Work instructions
Where an entry contains a picture, skip the picture and write out everything else exactly.

Records for this exercise

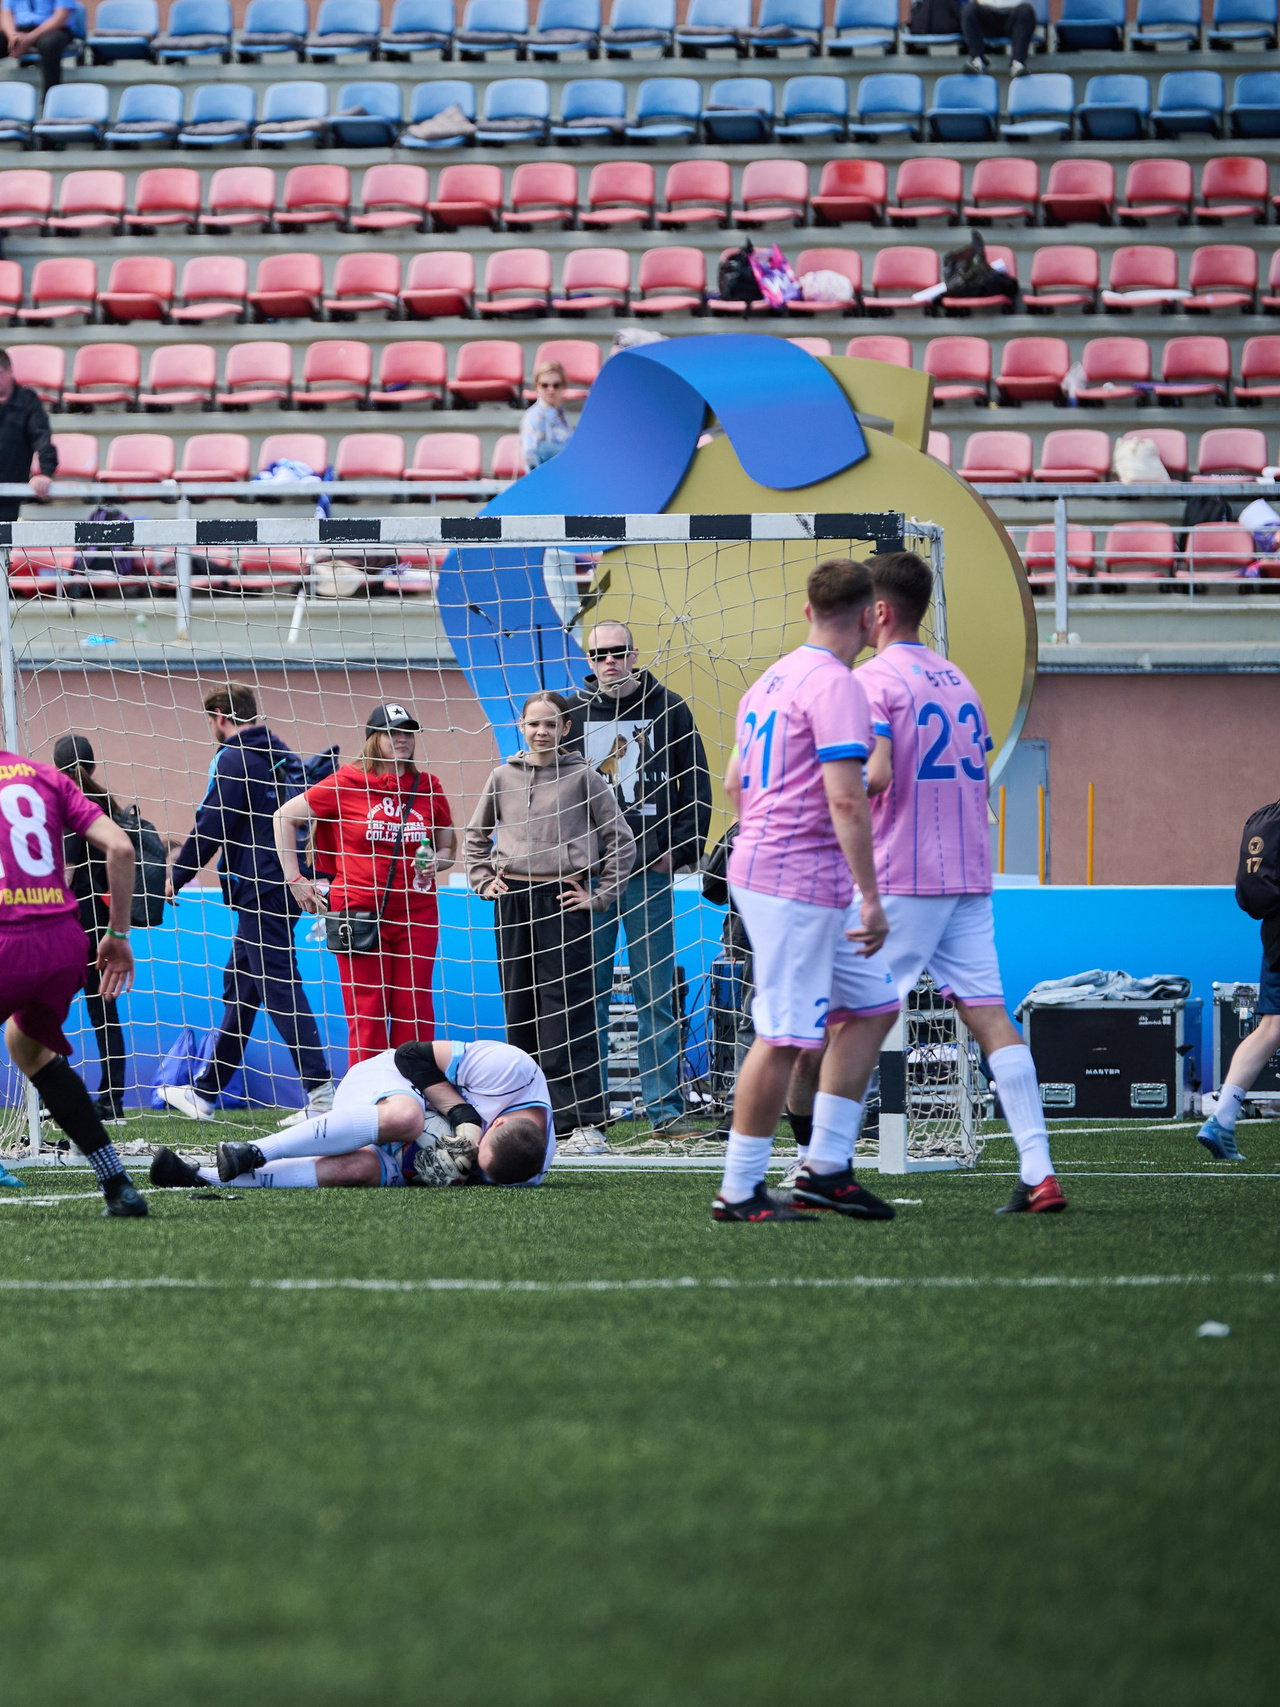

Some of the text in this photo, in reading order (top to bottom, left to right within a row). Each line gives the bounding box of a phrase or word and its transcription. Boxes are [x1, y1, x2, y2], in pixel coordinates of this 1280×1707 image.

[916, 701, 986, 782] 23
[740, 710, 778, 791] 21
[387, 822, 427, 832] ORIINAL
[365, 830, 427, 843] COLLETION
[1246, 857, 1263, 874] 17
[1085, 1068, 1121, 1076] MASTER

Result for this exercise
Some of the text in this photo, in reading order (top to bottom, left to right within a row). Each line gives the bounding box of a phrase or word and its transcription. Boxes are [x1, y1, x2, y2], in pixel coordinates of this 1280×1707 image.

[916, 701, 986, 782] 23
[740, 710, 778, 791] 21
[387, 822, 427, 832] ORIINAL
[365, 830, 427, 843] COLLETION
[1246, 857, 1263, 874] 17
[1085, 1068, 1121, 1076] MASTER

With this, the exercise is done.